About a year or two ago, I remember reading about a new food product that promised to revolutionize how we feed ourselves.

It was a drink that contained every nutritional need the human body needed to live. A few drinks a day fueled the human body in scientifically precise ways. The drink promised to end the annoyances of cooking and cleaning dishes as well as the complicated decisions we have to make at every meal. Should I eat more vegetables or more friend chicken? Should I skip desert or indulge? All those decisions would be gone.

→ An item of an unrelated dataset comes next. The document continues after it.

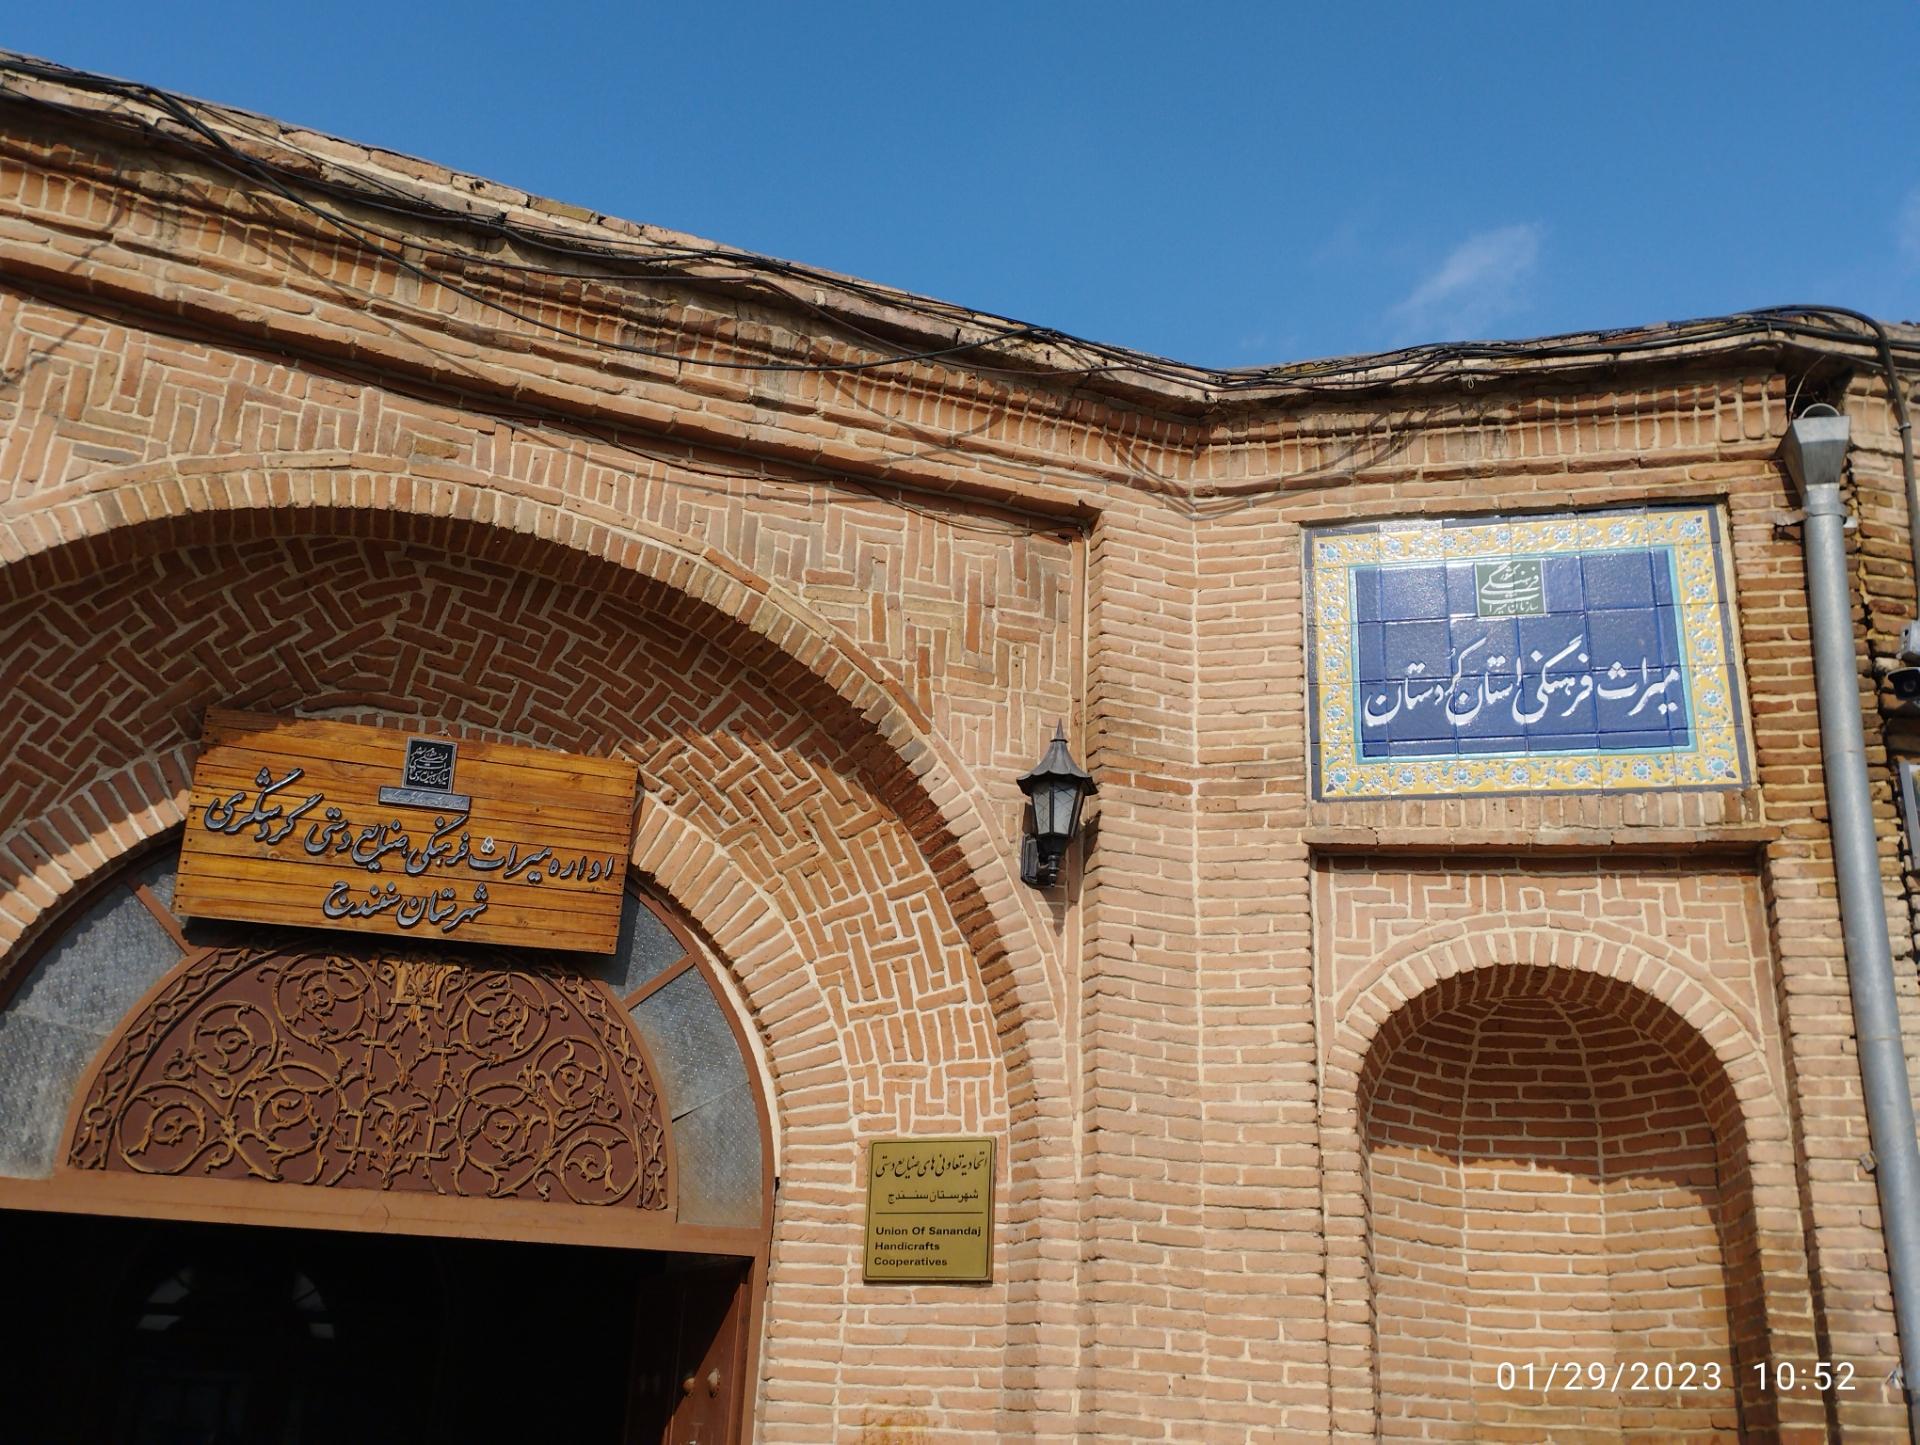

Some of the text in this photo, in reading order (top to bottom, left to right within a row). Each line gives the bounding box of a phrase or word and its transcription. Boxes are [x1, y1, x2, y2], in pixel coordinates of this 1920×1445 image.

In most scenarios, I can’t imagine how such a product would do well in the marketplace. Perhaps in an emergency situation such nutrition will sustain survivors of natural disasters. Perhaps such a nutritionally-dense drink might sustain areas struck by famine until succor could arrive. But I don’t see how such a product would replace the food and drink we consume. After all, we don’t just eat to fuel our bodies. We eat to live and thrive not just to survive. We eat because the breaking of bread and the pouring of wine turns a mere table into a center of belonging.

This week we read Matthew’s account of Jesus’ last supper, the precious meal he shares with his closest followers in the shadow of the cross. At this table, he grants the gift of his life to them and to us. But at this table of belonging and wholeness, betrayal and death also lurk.

The meal that is celebrated is a Passover meal. The Passover celebrated the deliverance of Israel from slavery into freedom, from the bondage of Egyptian power to the liberation of God’s holy embrace. At a moment of deep threat, God spared the lives of those who adorned their doorways with the blood of a sacrificed lamb. As death reigned in Egypt, the life promised to God’s people was fulfilled.

But death always seem to try to find a way. One of you, Jesus says, will be my betrayer. The Gospel writers struggle to understand why and how Judas did such a thing. Moreover, why would Jesus even welcome Judas into the company of disciples in the first place?

In Matthew and Mark, his identity as Jesus’ betrayer is quickly appended to the first reference to his name. In fact, the Gospels always place him last on the list of the twelve, an opprobrium always attached to this betrayer. Luke specifies that Judas’s betrayal has a Satanic source (Luke 22:3). In John, he is a devil in 6:70 and a thief in 12:6.

And yet I’m always struck that here Judas is not excused from the table even as his condemnation rings over the meal. He shares in the bread and the wine that represent Jesus’ body and blood, the life that would deliver us from sin and death.

Moreover, notice v. 31. There Jesus turns to all his followers and notes that they will “all become deserters because of me this night.” Peter denies this, but we know too well his story to believe his pleas. In the wake of this supper, Jesus’ faithfulness even unto death stands in striking contrast with the faithlessness of Judas certainly but also all the disciples whom Jesus handpicked to walk this road. This may be a helpful reminder to us whenever we gather to remember and reenact this meal with our sisters and brothers in Christ. Our righteousness leans entirely on Jesus’ gift of body and blood, and this is a grace that our faithlessness, our desertion of Jesus cannot blot out.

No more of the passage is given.